However, if we attempt to trace out only a few of the constituent parts belonging to the whole structure of technological “enframing” (Ge-Stell) just a year later from the counter-example offered above, we would see that the pilots are not in the cockpit and the flight attendants have been laid off, only a few customers are in their seats and most of the plane is empty, the mechanics are in the hangers taking the planes apart rather than getting them ready for takeoff belted in, the ticketing agents have been furloughed, the tower is running on a skeleton staff, the transportation agencies have fired most of the drivers and the hotels are less than 40 percent occupancy, the corporations have canceled their meeting and are doing it via Zoom, the tourist companies are closed for the season, and the ship is rusting below the waterline and has to be dry-docked in Rotterdam, and all the destinations along the Rhine are under quarantine and closed to all tourism.

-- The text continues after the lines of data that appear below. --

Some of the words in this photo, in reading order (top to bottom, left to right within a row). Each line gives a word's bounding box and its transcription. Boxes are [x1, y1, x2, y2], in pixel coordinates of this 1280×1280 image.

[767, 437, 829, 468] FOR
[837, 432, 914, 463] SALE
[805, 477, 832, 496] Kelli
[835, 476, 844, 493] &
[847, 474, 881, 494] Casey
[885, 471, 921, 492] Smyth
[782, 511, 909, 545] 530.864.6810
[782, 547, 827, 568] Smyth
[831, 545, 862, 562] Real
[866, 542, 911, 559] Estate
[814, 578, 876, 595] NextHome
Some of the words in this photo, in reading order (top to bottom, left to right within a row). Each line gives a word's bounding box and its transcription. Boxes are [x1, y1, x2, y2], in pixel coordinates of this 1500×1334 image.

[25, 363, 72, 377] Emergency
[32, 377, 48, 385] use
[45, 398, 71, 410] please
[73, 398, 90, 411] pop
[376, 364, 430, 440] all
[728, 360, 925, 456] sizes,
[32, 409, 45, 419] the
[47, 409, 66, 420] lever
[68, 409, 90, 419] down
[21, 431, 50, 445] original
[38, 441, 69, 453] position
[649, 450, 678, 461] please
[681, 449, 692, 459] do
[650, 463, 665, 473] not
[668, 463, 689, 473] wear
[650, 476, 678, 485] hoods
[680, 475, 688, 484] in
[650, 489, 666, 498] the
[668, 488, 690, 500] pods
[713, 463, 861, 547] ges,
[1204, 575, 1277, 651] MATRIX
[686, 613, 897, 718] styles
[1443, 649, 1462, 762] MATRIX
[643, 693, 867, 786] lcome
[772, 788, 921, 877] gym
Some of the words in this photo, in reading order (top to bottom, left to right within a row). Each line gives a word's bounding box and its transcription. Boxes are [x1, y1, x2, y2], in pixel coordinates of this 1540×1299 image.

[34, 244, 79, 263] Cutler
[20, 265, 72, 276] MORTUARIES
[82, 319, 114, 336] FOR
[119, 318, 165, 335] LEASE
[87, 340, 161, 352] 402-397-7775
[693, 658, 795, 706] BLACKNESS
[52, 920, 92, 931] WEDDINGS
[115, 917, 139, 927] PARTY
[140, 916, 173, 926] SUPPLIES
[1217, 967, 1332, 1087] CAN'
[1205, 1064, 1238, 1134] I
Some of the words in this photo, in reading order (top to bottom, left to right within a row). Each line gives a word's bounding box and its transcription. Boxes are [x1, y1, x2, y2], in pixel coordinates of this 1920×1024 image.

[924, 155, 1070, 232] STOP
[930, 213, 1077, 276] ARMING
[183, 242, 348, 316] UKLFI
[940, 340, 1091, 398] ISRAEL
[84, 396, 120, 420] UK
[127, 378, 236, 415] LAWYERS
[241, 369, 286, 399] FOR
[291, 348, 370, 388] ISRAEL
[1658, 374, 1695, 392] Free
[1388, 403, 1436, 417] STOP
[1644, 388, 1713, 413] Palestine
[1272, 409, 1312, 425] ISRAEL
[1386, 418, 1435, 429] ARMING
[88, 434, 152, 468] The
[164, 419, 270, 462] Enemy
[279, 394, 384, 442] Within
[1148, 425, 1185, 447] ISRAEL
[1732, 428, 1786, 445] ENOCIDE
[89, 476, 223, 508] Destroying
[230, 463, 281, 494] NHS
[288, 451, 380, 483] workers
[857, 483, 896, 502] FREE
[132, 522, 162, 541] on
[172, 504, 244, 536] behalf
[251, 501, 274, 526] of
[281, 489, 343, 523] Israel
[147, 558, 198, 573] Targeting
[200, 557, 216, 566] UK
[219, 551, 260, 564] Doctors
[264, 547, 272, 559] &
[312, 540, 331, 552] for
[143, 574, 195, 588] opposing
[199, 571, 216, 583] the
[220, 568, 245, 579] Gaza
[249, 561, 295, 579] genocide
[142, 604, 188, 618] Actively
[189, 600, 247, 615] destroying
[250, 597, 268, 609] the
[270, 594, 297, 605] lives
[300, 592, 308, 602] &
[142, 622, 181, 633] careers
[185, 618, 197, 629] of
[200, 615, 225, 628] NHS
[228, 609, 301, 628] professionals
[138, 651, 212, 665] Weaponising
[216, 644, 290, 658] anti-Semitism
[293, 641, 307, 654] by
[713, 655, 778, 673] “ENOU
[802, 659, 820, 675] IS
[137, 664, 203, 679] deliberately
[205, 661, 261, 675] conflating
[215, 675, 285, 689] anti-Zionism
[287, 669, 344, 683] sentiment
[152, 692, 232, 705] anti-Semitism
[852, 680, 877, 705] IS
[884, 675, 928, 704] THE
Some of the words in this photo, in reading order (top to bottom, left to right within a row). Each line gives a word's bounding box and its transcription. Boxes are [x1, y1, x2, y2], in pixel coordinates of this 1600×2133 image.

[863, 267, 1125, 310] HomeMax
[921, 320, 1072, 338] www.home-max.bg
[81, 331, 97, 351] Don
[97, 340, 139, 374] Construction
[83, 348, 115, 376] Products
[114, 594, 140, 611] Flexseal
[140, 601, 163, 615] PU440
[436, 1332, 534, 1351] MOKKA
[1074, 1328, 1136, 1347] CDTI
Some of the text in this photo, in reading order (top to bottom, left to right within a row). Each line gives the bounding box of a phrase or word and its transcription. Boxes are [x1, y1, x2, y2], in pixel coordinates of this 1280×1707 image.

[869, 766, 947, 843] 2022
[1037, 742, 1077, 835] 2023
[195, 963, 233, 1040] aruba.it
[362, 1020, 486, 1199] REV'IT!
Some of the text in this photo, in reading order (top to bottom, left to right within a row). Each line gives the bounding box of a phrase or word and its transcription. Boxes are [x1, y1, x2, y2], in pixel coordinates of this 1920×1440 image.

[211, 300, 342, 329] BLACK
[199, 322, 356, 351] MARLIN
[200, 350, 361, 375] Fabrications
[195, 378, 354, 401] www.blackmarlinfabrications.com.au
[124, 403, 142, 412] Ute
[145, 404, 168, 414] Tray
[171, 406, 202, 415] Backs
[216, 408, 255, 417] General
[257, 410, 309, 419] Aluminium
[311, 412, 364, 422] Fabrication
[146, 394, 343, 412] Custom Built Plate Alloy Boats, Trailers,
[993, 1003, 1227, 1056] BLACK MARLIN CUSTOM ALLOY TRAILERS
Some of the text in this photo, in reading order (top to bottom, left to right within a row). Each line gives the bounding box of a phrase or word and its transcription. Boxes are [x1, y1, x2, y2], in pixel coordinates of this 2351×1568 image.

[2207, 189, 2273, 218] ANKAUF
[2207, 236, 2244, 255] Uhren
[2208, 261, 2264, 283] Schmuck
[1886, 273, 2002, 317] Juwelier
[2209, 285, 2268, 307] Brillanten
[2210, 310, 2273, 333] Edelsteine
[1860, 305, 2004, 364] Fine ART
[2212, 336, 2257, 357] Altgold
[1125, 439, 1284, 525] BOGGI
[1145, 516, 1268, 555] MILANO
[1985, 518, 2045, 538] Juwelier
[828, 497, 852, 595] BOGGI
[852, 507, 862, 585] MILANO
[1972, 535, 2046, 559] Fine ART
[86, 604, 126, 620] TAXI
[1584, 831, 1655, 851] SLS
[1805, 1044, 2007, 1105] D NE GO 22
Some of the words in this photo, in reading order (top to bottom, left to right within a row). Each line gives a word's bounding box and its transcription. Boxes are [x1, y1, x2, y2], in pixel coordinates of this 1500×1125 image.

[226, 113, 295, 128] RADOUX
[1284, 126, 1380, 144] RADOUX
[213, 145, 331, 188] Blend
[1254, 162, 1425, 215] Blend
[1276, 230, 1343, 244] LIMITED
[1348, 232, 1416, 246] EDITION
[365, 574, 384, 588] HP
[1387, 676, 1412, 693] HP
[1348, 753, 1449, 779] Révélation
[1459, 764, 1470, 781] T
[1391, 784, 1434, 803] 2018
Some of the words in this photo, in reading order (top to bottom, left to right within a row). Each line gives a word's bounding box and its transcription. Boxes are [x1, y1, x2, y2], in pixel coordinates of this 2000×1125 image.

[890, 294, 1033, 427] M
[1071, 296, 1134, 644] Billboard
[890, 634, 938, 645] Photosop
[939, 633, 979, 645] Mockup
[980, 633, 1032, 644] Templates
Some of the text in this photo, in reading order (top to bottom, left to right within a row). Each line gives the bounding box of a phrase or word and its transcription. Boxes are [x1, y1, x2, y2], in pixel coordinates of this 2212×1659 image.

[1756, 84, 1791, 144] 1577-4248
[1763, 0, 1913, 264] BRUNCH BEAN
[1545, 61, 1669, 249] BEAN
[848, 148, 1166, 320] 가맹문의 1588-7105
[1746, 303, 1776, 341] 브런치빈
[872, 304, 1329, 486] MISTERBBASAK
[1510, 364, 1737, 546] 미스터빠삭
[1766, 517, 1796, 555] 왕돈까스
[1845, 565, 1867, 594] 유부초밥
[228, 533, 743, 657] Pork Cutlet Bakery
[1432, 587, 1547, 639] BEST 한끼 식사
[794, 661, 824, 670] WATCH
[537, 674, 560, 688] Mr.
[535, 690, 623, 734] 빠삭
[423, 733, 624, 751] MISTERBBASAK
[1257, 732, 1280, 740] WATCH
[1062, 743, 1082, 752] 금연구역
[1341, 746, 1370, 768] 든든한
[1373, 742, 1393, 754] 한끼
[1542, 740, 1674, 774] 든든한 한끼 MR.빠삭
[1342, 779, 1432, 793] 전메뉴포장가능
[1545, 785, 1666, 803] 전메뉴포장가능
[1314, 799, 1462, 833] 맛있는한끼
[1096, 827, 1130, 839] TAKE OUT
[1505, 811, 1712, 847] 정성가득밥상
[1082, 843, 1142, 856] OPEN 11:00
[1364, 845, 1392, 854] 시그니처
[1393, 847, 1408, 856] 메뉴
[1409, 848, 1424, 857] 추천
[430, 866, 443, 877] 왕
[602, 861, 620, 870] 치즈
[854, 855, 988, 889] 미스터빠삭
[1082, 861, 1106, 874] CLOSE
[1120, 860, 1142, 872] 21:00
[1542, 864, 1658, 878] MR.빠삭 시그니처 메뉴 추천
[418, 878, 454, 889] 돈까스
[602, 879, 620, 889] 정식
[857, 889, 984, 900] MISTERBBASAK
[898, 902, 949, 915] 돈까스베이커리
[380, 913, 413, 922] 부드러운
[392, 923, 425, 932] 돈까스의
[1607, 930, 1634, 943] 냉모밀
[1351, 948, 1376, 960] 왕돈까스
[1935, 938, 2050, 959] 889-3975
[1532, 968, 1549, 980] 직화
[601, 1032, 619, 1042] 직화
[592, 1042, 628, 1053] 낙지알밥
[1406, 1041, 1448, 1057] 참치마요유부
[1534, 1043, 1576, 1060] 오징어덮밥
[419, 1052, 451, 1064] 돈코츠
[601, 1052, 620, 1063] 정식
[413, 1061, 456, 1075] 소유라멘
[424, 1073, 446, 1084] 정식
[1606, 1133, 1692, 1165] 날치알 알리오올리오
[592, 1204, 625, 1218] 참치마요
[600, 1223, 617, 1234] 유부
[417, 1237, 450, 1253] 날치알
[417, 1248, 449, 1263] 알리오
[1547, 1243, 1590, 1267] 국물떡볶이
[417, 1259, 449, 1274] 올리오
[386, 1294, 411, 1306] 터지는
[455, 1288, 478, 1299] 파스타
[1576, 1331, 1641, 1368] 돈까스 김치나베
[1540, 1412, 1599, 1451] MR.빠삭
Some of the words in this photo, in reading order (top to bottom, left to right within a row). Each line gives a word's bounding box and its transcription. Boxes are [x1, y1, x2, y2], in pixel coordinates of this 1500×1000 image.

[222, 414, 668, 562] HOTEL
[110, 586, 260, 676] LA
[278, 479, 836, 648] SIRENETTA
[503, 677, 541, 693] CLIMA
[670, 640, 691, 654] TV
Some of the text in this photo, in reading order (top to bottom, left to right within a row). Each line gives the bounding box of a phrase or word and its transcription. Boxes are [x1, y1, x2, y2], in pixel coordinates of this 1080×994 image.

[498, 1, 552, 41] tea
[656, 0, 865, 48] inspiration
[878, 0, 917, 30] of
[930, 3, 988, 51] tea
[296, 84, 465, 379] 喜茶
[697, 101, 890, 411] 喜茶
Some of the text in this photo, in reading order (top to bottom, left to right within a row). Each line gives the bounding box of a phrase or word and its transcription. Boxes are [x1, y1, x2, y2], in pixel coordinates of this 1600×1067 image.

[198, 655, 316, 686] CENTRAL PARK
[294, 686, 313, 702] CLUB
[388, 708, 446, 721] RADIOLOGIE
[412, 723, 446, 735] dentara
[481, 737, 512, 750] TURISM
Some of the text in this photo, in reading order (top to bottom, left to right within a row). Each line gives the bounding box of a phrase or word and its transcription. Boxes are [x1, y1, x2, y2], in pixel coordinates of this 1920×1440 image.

What the counterexample reveals is a major fault line in Heidegger’s argument concerning the essential power revealed by technology—and by the whole structure of the global economy—as an unlimited and over-powering nature that was projected based on atomic energy in the 1950s, and which had only, as its furthest and most external limit, the end of the world brought about in a nuclear holocaust. Today, it is clear to everybody (tout le monde) that the power of technology and economy has crashed into the limit revealed in the power of another nature, perhaps on a molecular level, which is the overpowering nature of life itself. (Concerning this other domain, to his credit, in the 1929 seminar on the concept of world, Heidegger himself admits that life is “a domain of openness which possesses as wealth [i.e., standing reserve] with which the human world may have nothing to compare”). It is not that the “naturing nature” (Natura naturans) that was revealed as the dominant ordering principle of the technological and economic expansion of the postwar boom era, or later, the fundamental mechanism of the era of globalization that followed for the last fifty years, is completely in default. For example, one can still hear the arguments from politicians and technocrats that basically still depict the global economy as a “standing reserve” (Bestand), and that “once the pandemic is over,” the economy in its “whole structure and in all its constituent parts” that have simply been sitting there idling like the airplane on the taxi strip will suddenly receive its order to take off. Even the rise of the global markets during the pandemic, based on hedging bets on the outcomes, holds to this view of the total economy as a standing reserve. And yet, simply based on our counterexample, this does not seem likely, or at least not all at once, if only because a machine cannot function properly when many of its parts are either missing or lost altogether.
What the outbreak of Covid in the spring of 2020 has revealed is a crack in the world that was revealed by technological enframing. In other words, what initially appeared in the whole structure and between all its constituent parts was a thousand tiny hairline fractures, which have gradually widened to become the size of the Grand Canyon. This is not to say that the world is not still technologically enframed, but only that the frame is shrinking today. Perhaps a better way of describing this is to say that another nature that exceeded the previous frame—a nature that, as of yet, has no relation to world!—has intervened to cover the entire canvas with dark splotches, as if the overpowering nature of life itself is in the process of “deconstructing” (abbauenden) the world-picture that belonged to the age of technology. Therefore, if we could gather around this picture, we might all agree with some confidence that that world-view is now gone! What it depicts is in the past, and thus the picture itself can now be placed in a museum along with other antiquities and artifacts that were useful and belonged to past worlds, like sawmills and sailing ships. As in the description of the museum in William Carlos Williams’s Paterson, moreover, there is no picture of the world outside the museum’s architectural frame of glass and flowers. In fact, perhaps as a final refutation of Heidegger’s arguments in the 1950 essay, it is more than a little ironic that today everybody knows that only Science will save us! Not only humans, but also animals and plants, and even the world itself! Would anyone today take seriously Heidegger’s early counterclaim that only poetry will save us? Not likely, and I can only imagine that the bucolic German philosopher would be laughed out of the ICU ward for being even more deranged than Nietzsche’s madman.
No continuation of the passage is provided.